Au temps des bancs de l'école primaire je revenais déjeuner à la maison avec un camarade de classe, René Raymondeau, qui lui habitait une métairie : la Célinière, à plusieurs kilomètres du bourg. Mon frère et ma soeur sont nés à la Célinière, ferme dont mon grand-père avait été le métayer du vicomte de la Lézardière. Dans mon bocage confit dans la religion le vendredi était maigre et, les vendredi d'hiver au déjeuner le menu c'était : galettes de blé noir.
Le blé noir, le sarrazin, lorsqu'on le battait on se serait cru plongé dans le pôt au noir : la balle collait aux narines et s'infiltrait sous les vêtements. Les vendredi donc, mémé Marie, aux fourneaux, face à sa galetière entamait son marathon. Elle cuisait ses galettes au beurre de pot, un beurre salé conservé dans des pots de grès, dont la pointe d'aigreur donnait aux galettes un goût incomparable.
Nous en mangions 6 ou 7 nature sauf la dernière que nous enduisions de raisiné. Le raisiné, mémé Marie le faisait à l'époque des vendanges, avec du moût de raisin dans une grande bassine de cuivre. A mon avis c'était la meilleure utilisation du produit des vignes du grand-père complantées en hybrides à numéro ou aux noms exotiques : otello, noa, clinton.

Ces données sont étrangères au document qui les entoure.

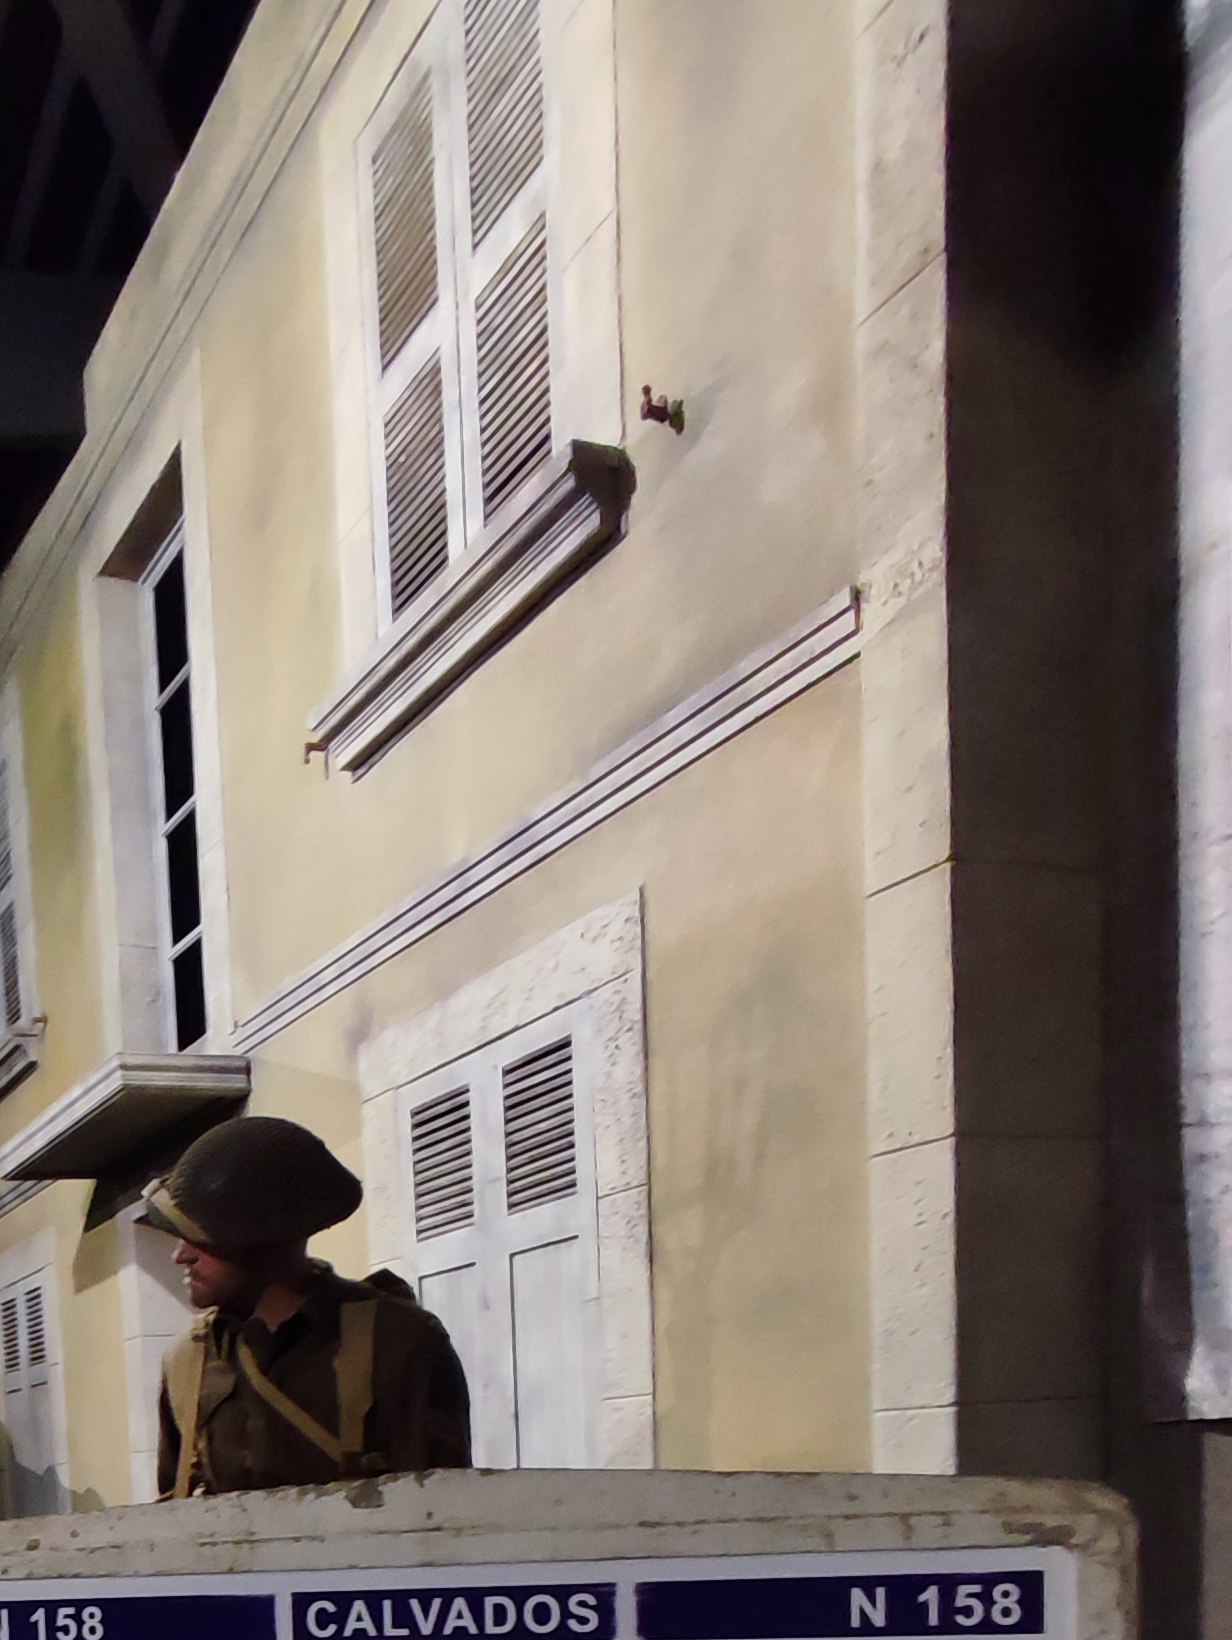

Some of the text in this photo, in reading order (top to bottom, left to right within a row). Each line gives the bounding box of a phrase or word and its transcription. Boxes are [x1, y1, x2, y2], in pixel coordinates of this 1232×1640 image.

[305, 1592, 601, 1638] CALVADOS
[850, 1583, 1022, 1628] N 158

La recette du raisiné est simple, il faut faire réduire de moitié deux litres de moût de raisin. Il importe de laisser sur le feu jusqu'à complète extinction du jus : le raisiné exige une forte patiente cuisson et dieu sait que mémé Marie c'était la patience en personne. Dernier détail pour ceux qui veillent jalousement sur notre santé : cette confiture ne demande aucun apport extérieur de sucre.
Encore un nouveau produit mes amis, à vos fourneaux, tout de suite pour ceux qui ont des vignes dans le Nouveau Monde, et de la patience pour les autres, moi je suis comme ma mémé Marie je suis patient.